Health advocate decries proposed FDA rules on dietary supplements

Thursday, July 23, 1998

John Hammell claims a mixture of niacin, B-vitamins and herbs performed nothing short of a miracle in his ongoing battle against schizophrenia. After years of undergoing shock treatment and therapy sessions, the vitamin concoctions enabled Hammell to enjoy a relatively normal life.


For the past 10 years, Hammell, as the founder of the International Advocates for Health Freedom, has been promoting the benefits of vitamins, using his own story as evidence that dietary supplements work.


But Hammell fears his mission would suffer if the U.S. Food and Drug Administration approves a proposal forbidding claims that dietary supplements can treat or prevent diseases.


“Allegedly we have a First Amendment,” Hammell said. “If something is true, you should be allowed to say it.

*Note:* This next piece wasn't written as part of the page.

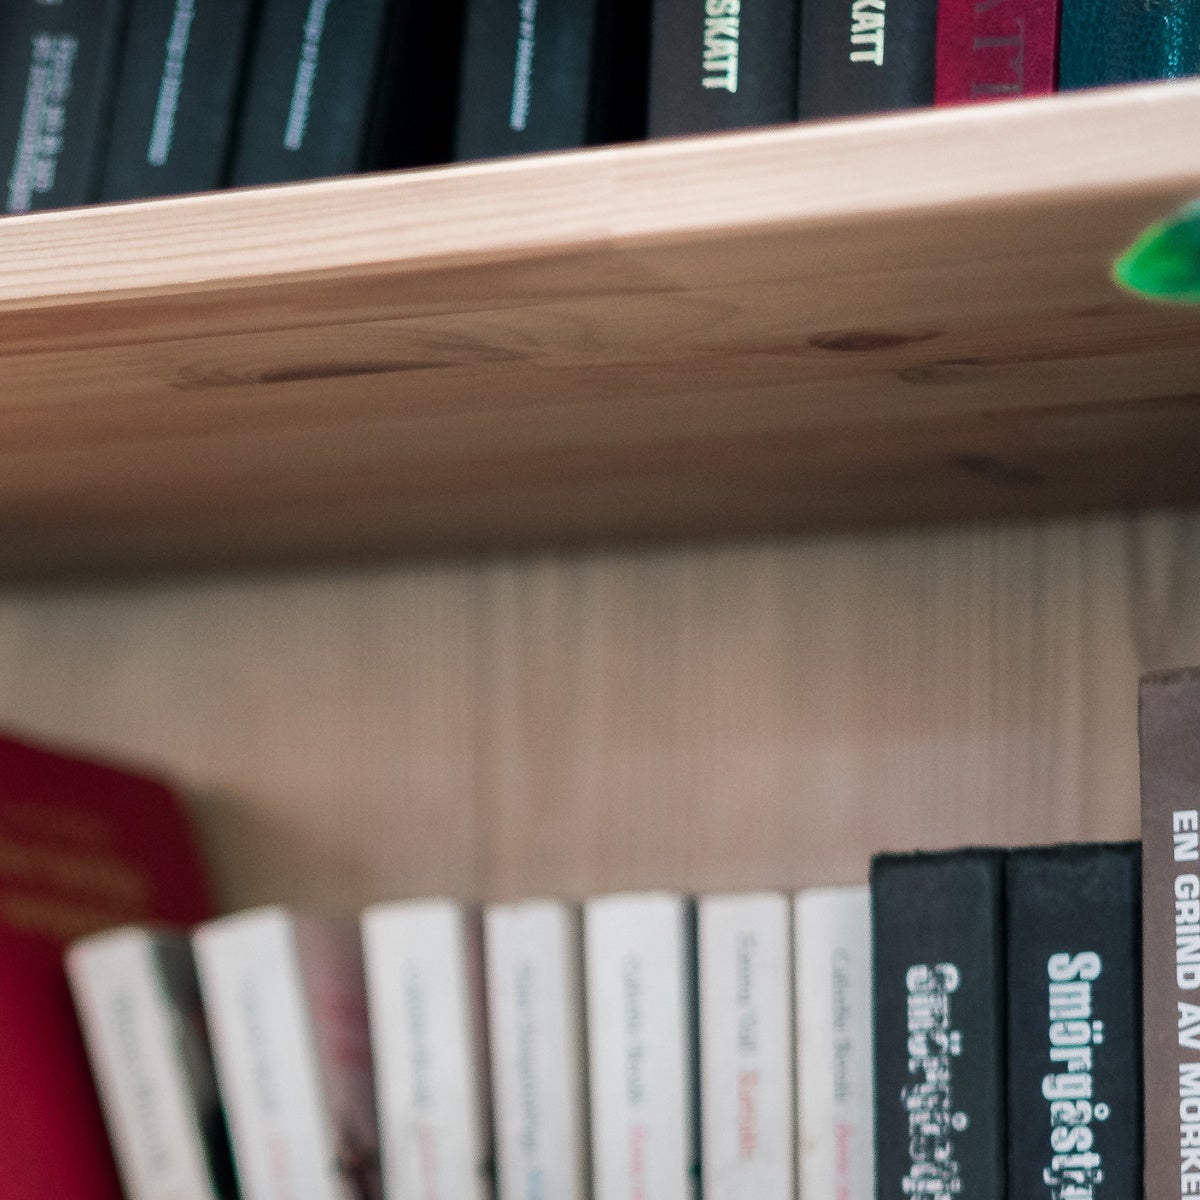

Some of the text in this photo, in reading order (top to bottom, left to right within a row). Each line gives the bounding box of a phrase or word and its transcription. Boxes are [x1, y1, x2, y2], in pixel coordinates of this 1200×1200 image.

Right now, we have a situation going on where consumers are not going to be able to learn the truth.”


The FDA disagrees.


“Consumers want access to dietary supplements but also need reliable information about the products they are consuming,” said William Schultz, the agency's deputy commissioner for policy. “By clarifying for manufacturers what types of claims can and cannot be made on a dietary supplement label, this new proposal helps consumers make more informed and wiser choices.”


The latest move to change the agency's rules began this spring after the FDA's Commission on Dietary Supplement Labels suggested clarification of what claims may be made on supplement labels.


Under the proposal, the FDA would allow “truthful and non-misleading statements of effects on a body system, organ or function, provided that the context in which the claim appears does not suggest that the product treats, prevents or mitigates a disease.”


The agency plans to accept public comments on the proposal through Aug. 27.


Traditionally, the FDA has required food distributors or drug manufacturers to verify products with the agency before making any disease claims. If they don't go through the process, they must either forgo the claims or only make those based on the products' effects on the structure or function of the body.


For example, a dietary supplement manufacturer who can't verify that a product “protects against cancer” to the FDA's satisfaction may instead claim it “promotes the health of the urinary tract.” The latter statement also cannot be false or misleading.


For the First Amendment advocate, the process is troubling because the disease claims can only be made after securing FDA approval, says James Johnstone, an attorney who often handles cases involving the agency. That equates to prior restraint, he said.


But Johnstone says the FDA argument is that the process achieves an important governmental goal in preventing misleading claims and making sure substances are regulated properly. If it's the least restrictive means available, then the FDA's actions satisfy the U.S. Supreme Court's regulation test it established in 1980 in Central Hudson v. Public Service Commission of New York.


Despite that, Johnstone says the FDA historically has been able to enact very restrictive guidelines, such as forbidding labels that imply an effect on diseases.


Manufacturers “seldom go through the process,” Johnstone said. “The stakes are too high. It's a lot easier to change your labeling than to fight all of that.”


Hammell says he intends to fight the proposal not only by petitioning the FDA but also through Congress.


He says Rep. Ron Paul of Texas has sponsored legislation that would remove food from “the currently overbroad statute limitations of 'drug.' By doing that, the FDA could not keep us from making claims about dietary supplements if they are true.”